Sunday, January 31, 2010

Camera trap pioneers: Nicholas Smythe

Nicholas Smythe was a fellow graduate student who made me aware of the great possibilities of camera trapping.

That was in the late 1960s.

We were both "Eisenberg students" at the University of Maryland, where we shared a basement office, occasionally with the company of cotton-top marmosets and a misogynist raven named Rolf.

Nick Smythe with his 24 hr clock in the background.

Nick was fresh from the field -- having spent 2 years studying the ecology of the Central American agouti (Dasyprocta punctata) on Barro Colorado Island, a field station of the Smithsonian's Tropical Research Institute in Panama.

And he was full of observations and ideas.

Among the mementos of his field days were the remains of his camera traps: several worn Olympus cameras, a 24 hour clock, and a 4" spool of spliced 35 mm negatives.

The negatives contained hundreds of pictures of peccaries, agoutis, pacas, and coatis blithely foraging in the windfall of fruit from giant tropical trees, not to mention ocelot, motmots, iguanas, and a boa constrictor.

He also had crisp black and white enlargements of the courtship of male pacas, and I recall one in particular of a bipedal male enurinating (= peeing upon) the object of its affection -- an unconcerned female several yards away.

The flash had highlighted a cloud of airborne urine droplets midway between the couple. Wow!

But Nick's main camera trapping goal was to determine circadian activity cycles of agoutis by monitoring their visitation of fallen fruit, their main food that accumulates beneath tropical trees.

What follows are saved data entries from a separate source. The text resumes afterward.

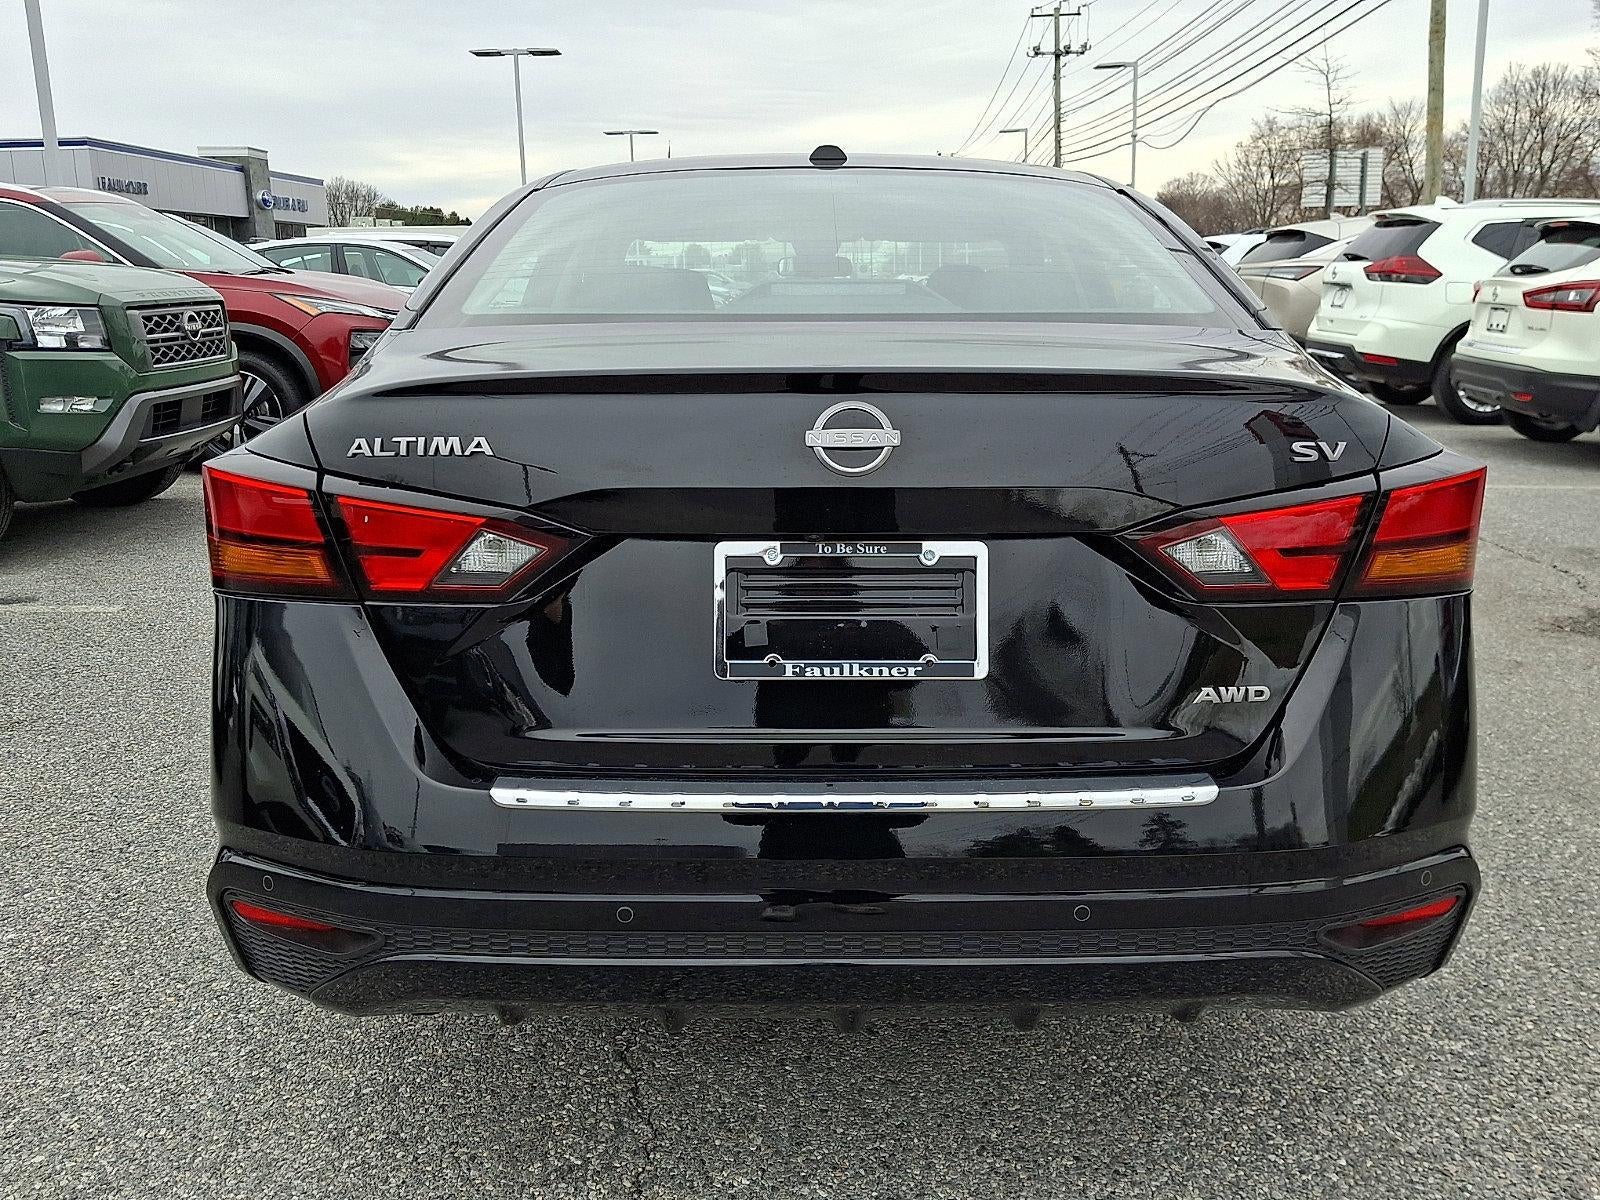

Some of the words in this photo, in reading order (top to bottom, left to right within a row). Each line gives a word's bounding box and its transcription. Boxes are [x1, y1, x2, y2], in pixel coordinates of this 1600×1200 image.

[807, 432, 898, 444] NISSAN
[346, 436, 495, 457] ALTIMA
[1290, 441, 1348, 462] SV
[815, 543, 832, 554] To
[836, 543, 853, 554] Be
[856, 543, 888, 554] Sure
[782, 663, 923, 677] Faulkner
[1192, 685, 1271, 704] AWD

The cameras also helped to determine their home ranges, since marked agoutis could be identified at different sites.

Recently Nick kindly elaborated on his camera traps. 

"I tried several different cameras before settling on the Olympus Pens".

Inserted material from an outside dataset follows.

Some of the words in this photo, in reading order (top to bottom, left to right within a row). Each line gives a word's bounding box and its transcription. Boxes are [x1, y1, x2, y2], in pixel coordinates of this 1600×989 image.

"The details are foggy in my mind, but I believe that the first was the Canon “Dial”.  Then there was a Russian made camera which proved unsatisfactory for reasons unremembered.  I think there were others.

The Olympus Pen series of cameras included the EM, which was the first 35 mm camera with battery powered film advance and rewind.

Nick hacked 4 of the cameras -- a bold act for a graduate student in zoology.

None of us would have dared such an undertaking, but he was a clever tinkerer who understood electrical circuits.

The motorized EMs were well chosen because rodents can trigger quite a few pictures when foraging at a windfall of fruit.

In addition, the half frame cameras doubled the maximum number of exposures possible.

If you bulk loaded your own film canisters, you could push it upward of 72 frames.

That was a real advantage, though a far cry from the 4 GB memory cards we use nowadays.

He used solenoids to release the shutters.

Cameras, solenoids and electronic flashes were housed in water resistant boxes.

"I was not able to find a 24 hr DC clock, so I used one that relied on AC.  This involved running long wires from the lab clearing to the camera sites which, in the ambient 98-100% humidity, gave rise to some interesting involuntary muscular contractions!"

"The triggers were a constant problem.

"I made some that used a 3-4mm copper ring as one terminal and a vertically hung copper wire as the other, but they were unreliable.

"So I used trip wires and micro-switches, and they were moderately successful, but peccaries and tapirs did not treat them kindly.

"And I have had several pictures that showed, indisputably, that agoutis knew very well where the wires were, and inadvertently tripped the cameras while attempting to avoid the trigger wire, or a conspecific, or, once, a coati that obviously had gustatory ambitions.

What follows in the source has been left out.